L' inizio di questa “Storia dell’endoscopia digestiva in Italia” si colloca in quel 1968 foriero di tante novità e di grandi cambiamenti.
Tocca all’Italia il compito di organizzare il Secondo Congresso mondiale di Endoscopia Digestiva, un compito sicuramente impegnativo per quei tempi sia per la mancanza di strutture idonee, sia per lo scarso numero di praticanti e fruitori di una specialità ancora pressocché sconosciuta.
Il primo congresso mondiale si era tenuto a Tokyo nel 1966 e vi avevano partecipato pochissimi italiani che avevano riportato a casa la notizia di nuove metodiche endoscopiche e qualche strumento per quei tempi rivoluzionario.
Cominciavano a diffondersi i primi fibroscopi che sembravano promettere grandi progressi ma che in realtà non consentivano ancora di superare i confini imposti dagli strumenti rigidi o semirigidi.
Fu certamente nel 1970 al Congresso di Roma e Copenhagen (il proseguimento in quella sede era stato imposto da opportunità di politica societaria) che ci si rese conto con stupore delle enormi potenzialità dell’endoscopia: il duodeno, la papilla di Vater con accesso alle vie biliopancreatiche, e tutto il colon si aprivano all’osservazione diretta, integrata quando necessario dalla biopsia.

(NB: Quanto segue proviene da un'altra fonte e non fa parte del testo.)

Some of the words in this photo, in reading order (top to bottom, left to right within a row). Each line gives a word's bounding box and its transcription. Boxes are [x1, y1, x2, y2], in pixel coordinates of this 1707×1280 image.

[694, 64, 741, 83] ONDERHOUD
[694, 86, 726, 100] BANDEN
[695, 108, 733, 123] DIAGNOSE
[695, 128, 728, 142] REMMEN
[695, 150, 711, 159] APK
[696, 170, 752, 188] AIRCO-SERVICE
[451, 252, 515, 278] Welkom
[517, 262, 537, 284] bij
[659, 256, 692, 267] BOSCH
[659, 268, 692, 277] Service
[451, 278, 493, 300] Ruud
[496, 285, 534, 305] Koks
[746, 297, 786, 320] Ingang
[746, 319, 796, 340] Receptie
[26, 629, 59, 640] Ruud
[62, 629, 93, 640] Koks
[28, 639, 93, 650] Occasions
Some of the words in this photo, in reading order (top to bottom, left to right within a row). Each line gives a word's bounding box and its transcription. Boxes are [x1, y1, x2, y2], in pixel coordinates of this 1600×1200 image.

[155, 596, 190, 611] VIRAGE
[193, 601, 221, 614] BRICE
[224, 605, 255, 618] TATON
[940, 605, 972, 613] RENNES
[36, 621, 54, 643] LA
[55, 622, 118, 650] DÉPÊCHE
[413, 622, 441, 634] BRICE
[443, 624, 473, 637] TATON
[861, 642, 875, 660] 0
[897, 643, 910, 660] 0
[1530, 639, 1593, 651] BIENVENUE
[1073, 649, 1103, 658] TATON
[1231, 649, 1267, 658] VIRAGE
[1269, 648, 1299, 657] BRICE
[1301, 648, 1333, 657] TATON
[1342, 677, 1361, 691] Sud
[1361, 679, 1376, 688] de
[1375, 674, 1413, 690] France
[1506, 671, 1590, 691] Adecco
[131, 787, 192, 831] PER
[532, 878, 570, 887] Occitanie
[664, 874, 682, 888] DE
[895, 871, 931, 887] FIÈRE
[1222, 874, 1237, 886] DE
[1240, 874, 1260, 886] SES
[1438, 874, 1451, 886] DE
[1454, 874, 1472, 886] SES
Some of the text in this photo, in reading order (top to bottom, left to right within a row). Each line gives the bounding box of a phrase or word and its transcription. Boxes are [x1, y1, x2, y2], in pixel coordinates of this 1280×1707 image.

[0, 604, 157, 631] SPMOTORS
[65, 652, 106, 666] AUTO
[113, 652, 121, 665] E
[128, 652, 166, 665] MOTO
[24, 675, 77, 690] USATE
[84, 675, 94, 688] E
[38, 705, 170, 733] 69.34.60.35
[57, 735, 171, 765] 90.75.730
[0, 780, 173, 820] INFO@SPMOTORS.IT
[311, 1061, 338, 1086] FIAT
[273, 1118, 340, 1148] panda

Il progresso rispetto alle possibilità diagnostiche di quel tempo, basate esclusivamente sulla radiologia tradizionale, era veramente incredibile. Chi ebbe l’opportunità di assistere direttamente alle presentazioni di fotografie o filmati che documentavano la fattibilità di una colonscopia totale o di un cateterismo della papilla di Vater, comprese subito le potenzialità dell’endoscopia. Sulla base di questo convincimento molti decisero di dedicarsi interamente a questa nuova specializzazione raccogliendo in seguito molte soddisfazioni, ma scontrandosi con difficoltà organizzative spesso insuperabili e con frustranti incomprensioni.
Giustamente l’infaticabile Felice Cosentino e Luciano Ragno, valente giornalista da sempre vicino al mondo medico, iniziano da qui la loro opera raccontando con dovizia di dettagli il lento diffondersi nel nostro Paese delle nuove metodiche, la progressiva crescita dei Centri e degli uomini che vi lavorano, la nascita di Scuole che fungono da punti di riferimento per chi muove i primi passi in questa specialità tutta da inventare.
Gustosi aneddoti rendono piacevole la lettura di un testo che è anche una cronaca molto precisa della vita della Società Italiana di Endoscopia Digestiva fin dalla sua fondazione, dei congressi che si susseguono regolarmente diffondendo la conoscenza delle nuove tecniche e dei risultati conseguibili con una insostituibile funzione di stimolo basata sull’incontro e sulla trasmissione diretta delle conoscenze. Il capitolo dedicato “ai testimoni del tempo” aggiunge, pur nella soggettività dei vissuti e delle opinioni, ulteriori dettagli e notizie di prima mano che in una storia scritta seguendo i canoni tradizionali non avrebbero trovato alcuna accoglienza.
Per chiudere non poteva mancare un ritratto dei cinquantenni del 2000 che stanno vivendo in pieno la rivoluzione diagnostica e terapeutica della nuova Medicina, impegnati nel perfezionamento delle tecniche endoscopiche e proiettati verso prestigiosi traguardi.